Lisa Charleyboy: a tough life lesson in a university class
I've spent a lot of time in school and have a lifelong love of education and the classroom. But the lessons I've learned aren't always easy.
It was my first year in university and I was young, impressionable and wanting to do well at my foray into fashion. I was given a fashion design assignment where I was to create three different hats using a point of inspiration. Immediately I wanted to incorporate Northwest Coast design into my mini-collection.
So I went to the library and pored over books, wanting to reference Northwest Coast design while also creating something modern. I was so excited to create something for my university class that was incorporating First Nations culture into my work.
This was the first time I've ever done this in my life. Even in elementary school my creative writing was inspired by pirates or goldfish, never from cultural inspiration.
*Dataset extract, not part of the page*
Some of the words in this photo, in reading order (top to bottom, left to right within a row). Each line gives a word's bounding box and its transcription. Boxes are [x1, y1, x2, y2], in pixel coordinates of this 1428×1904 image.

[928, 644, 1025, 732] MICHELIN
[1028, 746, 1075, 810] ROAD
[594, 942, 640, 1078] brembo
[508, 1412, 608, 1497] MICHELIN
I worked hard on my research, the designs, and the illustrations... and was eager to get feedback from my professor, who would give his critique in front of the class.
He pulled mine out and handed it to me with disregard - as if he was holding a used tissue - and said pointedly "THIS is not fashion."
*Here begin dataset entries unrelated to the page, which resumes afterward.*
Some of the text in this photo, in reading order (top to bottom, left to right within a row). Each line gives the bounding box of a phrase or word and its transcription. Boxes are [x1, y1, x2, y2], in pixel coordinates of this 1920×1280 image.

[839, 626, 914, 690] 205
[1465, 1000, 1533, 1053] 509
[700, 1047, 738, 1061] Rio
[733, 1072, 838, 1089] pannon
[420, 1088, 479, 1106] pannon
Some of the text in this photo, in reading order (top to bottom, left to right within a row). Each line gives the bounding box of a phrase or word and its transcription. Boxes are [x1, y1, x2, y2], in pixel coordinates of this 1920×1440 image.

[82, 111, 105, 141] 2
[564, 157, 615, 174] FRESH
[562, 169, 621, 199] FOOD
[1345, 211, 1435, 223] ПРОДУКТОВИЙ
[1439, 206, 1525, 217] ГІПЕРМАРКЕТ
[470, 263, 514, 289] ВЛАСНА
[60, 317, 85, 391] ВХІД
My heart sunk and I felt ashamed. I quickly grabbed my illustration and hid it. I told myself that I would never do that again and would just stick to the tried and true fashion points of inspiration... and would NEVER use First Nations culture in my work again. The risk was too great, the reception was icy cold, and it hurt my heart too much.
It was years later, after I transferred to another university and switched majors from fashion to writing, when I finally began to explore my culture in school. It wasn't an easy step. It only happened after nudging and gentle guidance from my Writing TA who let me know that it was a culturally safe place to explore my heritage and identity.
It began with an exploratory essay analyzing Pocahontas with a critical lens, and since then... I've never stopped.